Zone 1. External security policy: for the Mobile device -> API Management Layer message exchanges
The old chestnut "trust but verify" is no longer valid, better way to think about this boundary is - "Don't Trust. And Verify."
The API Management Layer should not "trust" that any old client (SSL or otherwise) that sends data is AOK, the communications, user and application should be authenticated and authorized. In addition, the data and usage should be verified.
Getting down to brass tacks, there's a steady drumbeat towards OAuth as an external protocol for mobile. From Cloud vendors like Salesforce, platform providers like Google and enterprise applications are all moving in this direction - OAuth as a standard token type and protocol for Mobile apps.
OAuth helps to solve the "Don't Trust" part because now there is a token to authorize against a security policy. Verifying data means looking for malice - SQL and command injections, malicious javascript and so on. Network firewalls won't cut it here, the API Management Layer must verify the inbound data does not contain malicious code before sending the data into the chewy center of the enterprise.
Lastly, this zone should record (to an audit log monitor and/or SIEM) the details of the transaction.
Zone 2. Internal security policy: for the API Management Layer -> Enterprise backend message exchanges
OAuth has emerged as a de facto standard for mobile apps, but inside the enterprise you can expect a Noah's ark approach to identity - Kerberos, X.509, SAML, proprietary and custom. The external policy insulates the mobile client from having to deal with these many protocols, but the job falls to the API Management Layer to implement these interfaces.
This responsibility means many burdens for the API Management Layer including consistent naming, refreshing certificates and connections, protocol specific configurations and mapping, dealing with latency, error correction and retry and a host of other connectivity issues.
As to verification, the malicious code issues should be handled by the upstream (external policy).

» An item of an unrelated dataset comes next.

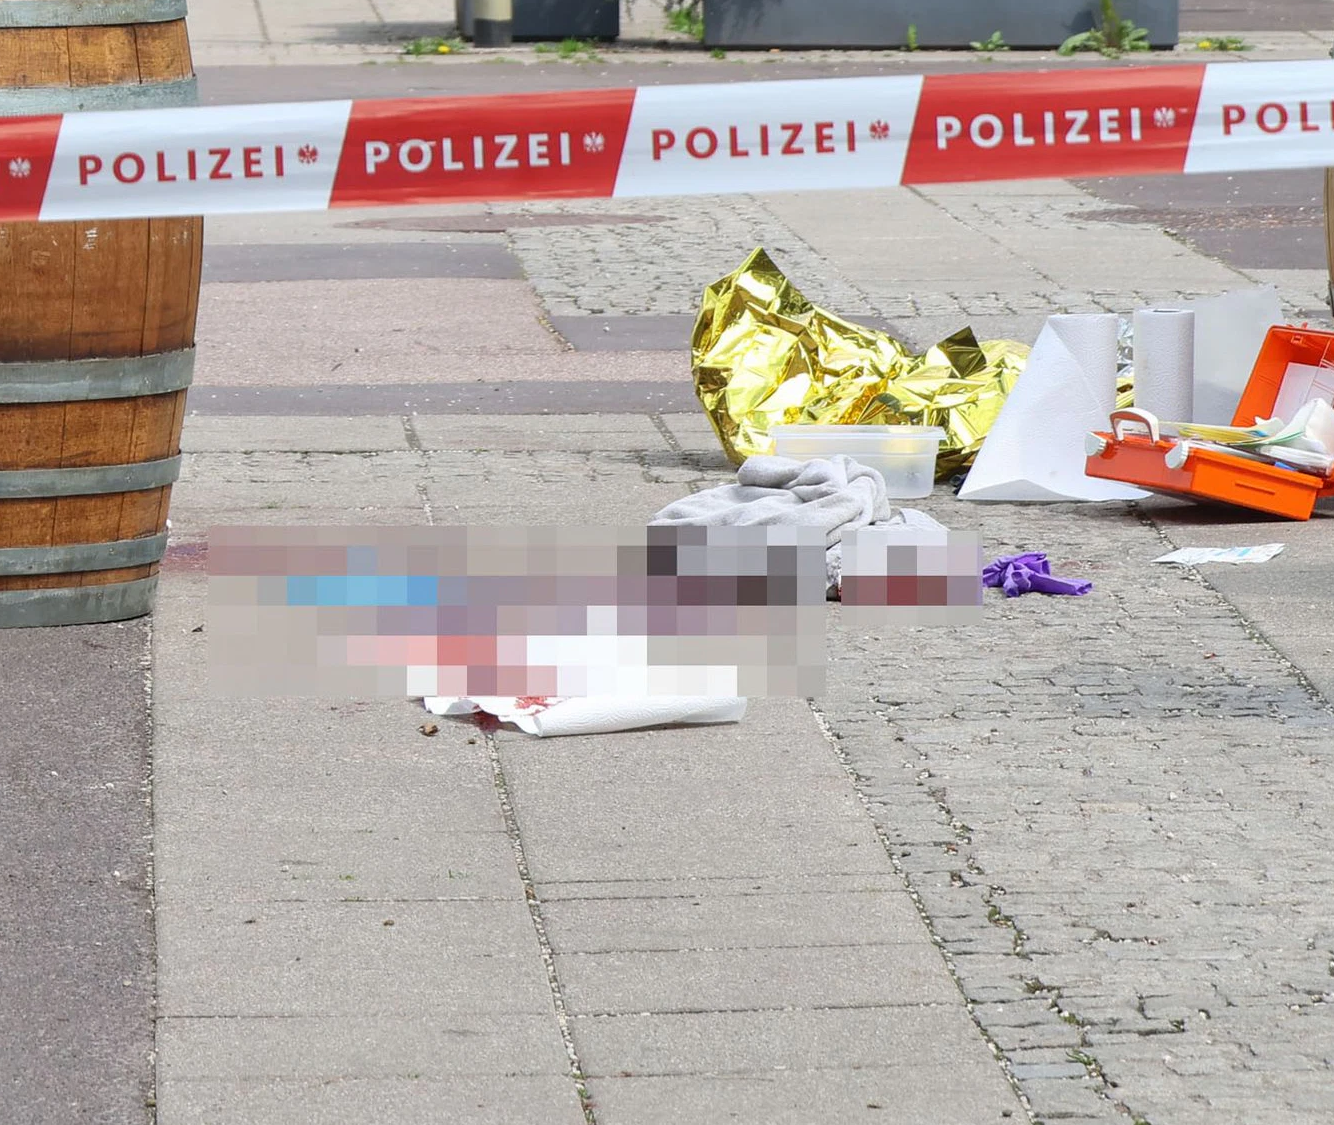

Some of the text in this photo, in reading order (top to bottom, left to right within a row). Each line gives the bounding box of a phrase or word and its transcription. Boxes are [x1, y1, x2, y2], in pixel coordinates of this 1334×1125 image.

For most apps its not likely necessary to duplicate these checks, note that there could be some areas like callbacks and asynchronous messaging where further granular checks can only be done after an initial inbound call, though. The main verification step to be aware of at this level is to ensure that the authorization maps from external to internal which brings us to:
Zone 3. External <-> Internal mapper security policy: to facilitate the right security and identity services for each boundary transition
This mapping keeps the control of the enterprise object mapping on the server side. Abstracting it away from the client is helpful for developers (only having to deal with external API not enterprise hodge podge) and security - avoids vulnerabilities like Insecure Direct Object Reference. This process can be made stronger by having the mapper issue and verify a nonce (unique code) per instance, to defend against replay and other attacks.